* Material supplied:
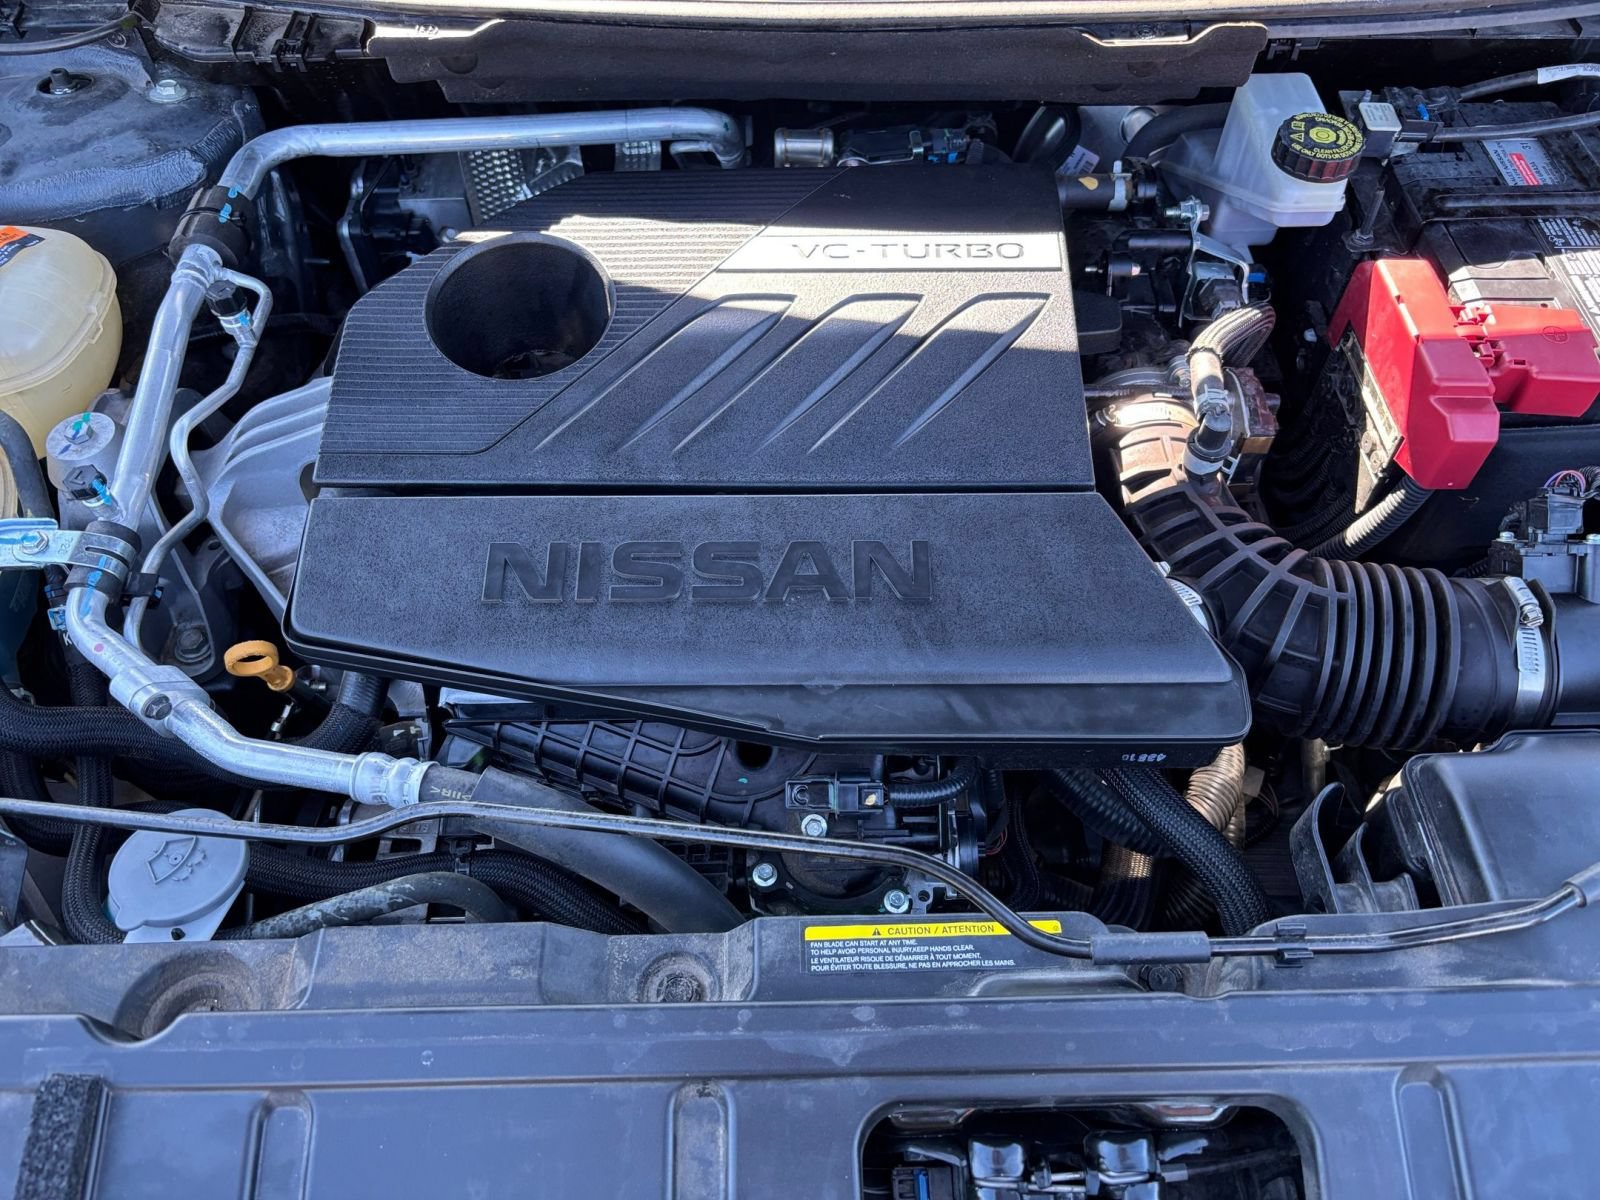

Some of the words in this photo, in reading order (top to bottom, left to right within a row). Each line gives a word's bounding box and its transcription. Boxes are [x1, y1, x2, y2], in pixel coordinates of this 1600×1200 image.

[792, 242, 1024, 258] VC-TURBO
[481, 540, 935, 603] NISSAN
[888, 926, 930, 936] CAUTION
[942, 924, 995, 934] ATTENTION
[830, 963, 852, 971] ÉVITER

* Exercise goal: Whenever a picture appears in the listing, leave it out; copy everything else exactly.

* Written answer:
Some of the words in this photo, in reading order (top to bottom, left to right within a row). Each line gives a word's bounding box and its transcription. Boxes are [x1, y1, x2, y2], in pixel coordinates of this 1600×1200 image.

[792, 242, 1024, 258] VC-TURBO
[481, 540, 935, 603] NISSAN
[888, 926, 930, 936] CAUTION
[942, 924, 995, 934] ATTENTION
[830, 963, 852, 971] ÉVITER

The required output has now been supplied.